= WORK TO COMPLETE =
In your reply, restate all of the records below word for word.

= GIVEN ENTRIES =

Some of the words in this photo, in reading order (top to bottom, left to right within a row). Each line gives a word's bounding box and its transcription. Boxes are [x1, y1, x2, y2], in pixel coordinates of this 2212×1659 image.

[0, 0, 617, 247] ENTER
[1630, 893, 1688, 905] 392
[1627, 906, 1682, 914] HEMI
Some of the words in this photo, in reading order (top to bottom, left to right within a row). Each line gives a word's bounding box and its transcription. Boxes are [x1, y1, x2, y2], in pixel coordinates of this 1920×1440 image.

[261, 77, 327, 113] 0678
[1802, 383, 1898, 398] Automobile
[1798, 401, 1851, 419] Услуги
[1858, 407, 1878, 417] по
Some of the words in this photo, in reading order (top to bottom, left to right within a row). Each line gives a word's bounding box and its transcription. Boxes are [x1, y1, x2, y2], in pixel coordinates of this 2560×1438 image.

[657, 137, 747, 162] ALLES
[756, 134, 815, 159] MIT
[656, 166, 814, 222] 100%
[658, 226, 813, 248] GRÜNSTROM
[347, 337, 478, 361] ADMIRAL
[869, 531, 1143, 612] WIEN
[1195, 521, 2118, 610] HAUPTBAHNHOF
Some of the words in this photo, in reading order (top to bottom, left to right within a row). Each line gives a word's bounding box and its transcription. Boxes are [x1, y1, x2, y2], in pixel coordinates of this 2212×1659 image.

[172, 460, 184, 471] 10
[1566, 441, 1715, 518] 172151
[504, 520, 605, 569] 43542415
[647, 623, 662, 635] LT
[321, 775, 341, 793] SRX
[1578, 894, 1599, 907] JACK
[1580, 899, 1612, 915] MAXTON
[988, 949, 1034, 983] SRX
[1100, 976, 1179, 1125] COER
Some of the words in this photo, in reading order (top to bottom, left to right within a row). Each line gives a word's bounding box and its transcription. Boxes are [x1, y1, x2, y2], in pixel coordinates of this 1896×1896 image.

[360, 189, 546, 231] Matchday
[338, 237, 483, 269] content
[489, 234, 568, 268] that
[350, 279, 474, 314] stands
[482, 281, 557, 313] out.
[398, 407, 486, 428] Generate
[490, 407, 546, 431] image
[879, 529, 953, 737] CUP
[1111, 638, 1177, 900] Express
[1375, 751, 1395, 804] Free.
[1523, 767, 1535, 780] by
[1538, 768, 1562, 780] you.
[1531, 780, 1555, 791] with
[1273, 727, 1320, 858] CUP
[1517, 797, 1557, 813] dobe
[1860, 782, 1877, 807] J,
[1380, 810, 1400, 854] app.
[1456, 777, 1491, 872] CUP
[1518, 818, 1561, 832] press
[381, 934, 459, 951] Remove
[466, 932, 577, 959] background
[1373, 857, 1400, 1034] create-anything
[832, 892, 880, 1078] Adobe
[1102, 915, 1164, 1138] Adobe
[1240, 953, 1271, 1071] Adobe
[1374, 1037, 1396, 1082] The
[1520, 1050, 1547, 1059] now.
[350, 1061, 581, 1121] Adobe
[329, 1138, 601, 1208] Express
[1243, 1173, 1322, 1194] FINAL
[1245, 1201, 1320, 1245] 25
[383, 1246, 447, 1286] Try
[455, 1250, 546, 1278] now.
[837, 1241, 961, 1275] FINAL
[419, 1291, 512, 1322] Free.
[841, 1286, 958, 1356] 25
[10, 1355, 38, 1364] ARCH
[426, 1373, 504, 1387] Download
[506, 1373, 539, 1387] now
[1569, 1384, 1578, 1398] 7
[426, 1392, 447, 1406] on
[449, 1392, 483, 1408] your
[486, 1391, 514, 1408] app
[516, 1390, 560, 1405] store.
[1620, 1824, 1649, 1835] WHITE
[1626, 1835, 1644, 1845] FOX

= THE COMPLETED TASK =
Some of the words in this photo, in reading order (top to bottom, left to right within a row). Each line gives a word's bounding box and its transcription. Boxes are [x1, y1, x2, y2], in pixel coordinates of this 2212×1659 image.

[0, 0, 617, 247] ENTER
[1630, 893, 1688, 905] 392
[1627, 906, 1682, 914] HEMI
Some of the words in this photo, in reading order (top to bottom, left to right within a row). Each line gives a word's bounding box and its transcription. Boxes are [x1, y1, x2, y2], in pixel coordinates of this 1920×1440 image.

[261, 77, 327, 113] 0678
[1802, 383, 1898, 398] Automobile
[1798, 401, 1851, 419] Услуги
[1858, 407, 1878, 417] по
Some of the words in this photo, in reading order (top to bottom, left to right within a row). Each line gives a word's bounding box and its transcription. Boxes are [x1, y1, x2, y2], in pixel coordinates of this 2560×1438 image.

[657, 137, 747, 162] ALLES
[756, 134, 815, 159] MIT
[656, 166, 814, 222] 100%
[658, 226, 813, 248] GRÜNSTROM
[347, 337, 478, 361] ADMIRAL
[869, 531, 1143, 612] WIEN
[1195, 521, 2118, 610] HAUPTBAHNHOF
Some of the words in this photo, in reading order (top to bottom, left to right within a row). Each line gives a word's bounding box and its transcription. Boxes are [x1, y1, x2, y2], in pixel coordinates of this 2212×1659 image.

[172, 460, 184, 471] 10
[1566, 441, 1715, 518] 172151
[504, 520, 605, 569] 43542415
[647, 623, 662, 635] LT
[321, 775, 341, 793] SRX
[1578, 894, 1599, 907] JACK
[1580, 899, 1612, 915] MAXTON
[988, 949, 1034, 983] SRX
[1100, 976, 1179, 1125] COER
Some of the words in this photo, in reading order (top to bottom, left to right within a row). Each line gives a word's bounding box and its transcription. Boxes are [x1, y1, x2, y2], in pixel coordinates of this 1896×1896 image.

[360, 189, 546, 231] Matchday
[338, 237, 483, 269] content
[489, 234, 568, 268] that
[350, 279, 474, 314] stands
[482, 281, 557, 313] out.
[398, 407, 486, 428] Generate
[490, 407, 546, 431] image
[879, 529, 953, 737] CUP
[1111, 638, 1177, 900] Express
[1375, 751, 1395, 804] Free.
[1523, 767, 1535, 780] by
[1538, 768, 1562, 780] you.
[1531, 780, 1555, 791] with
[1273, 727, 1320, 858] CUP
[1517, 797, 1557, 813] dobe
[1860, 782, 1877, 807] J,
[1380, 810, 1400, 854] app.
[1456, 777, 1491, 872] CUP
[1518, 818, 1561, 832] press
[381, 934, 459, 951] Remove
[466, 932, 577, 959] background
[1373, 857, 1400, 1034] create-anything
[832, 892, 880, 1078] Adobe
[1102, 915, 1164, 1138] Adobe
[1240, 953, 1271, 1071] Adobe
[1374, 1037, 1396, 1082] The
[1520, 1050, 1547, 1059] now.
[350, 1061, 581, 1121] Adobe
[329, 1138, 601, 1208] Express
[1243, 1173, 1322, 1194] FINAL
[1245, 1201, 1320, 1245] 25
[383, 1246, 447, 1286] Try
[455, 1250, 546, 1278] now.
[837, 1241, 961, 1275] FINAL
[419, 1291, 512, 1322] Free.
[841, 1286, 958, 1356] 25
[10, 1355, 38, 1364] ARCH
[426, 1373, 504, 1387] Download
[506, 1373, 539, 1387] now
[1569, 1384, 1578, 1398] 7
[426, 1392, 447, 1406] on
[449, 1392, 483, 1408] your
[486, 1391, 514, 1408] app
[516, 1390, 560, 1405] store.
[1620, 1824, 1649, 1835] WHITE
[1626, 1835, 1644, 1845] FOX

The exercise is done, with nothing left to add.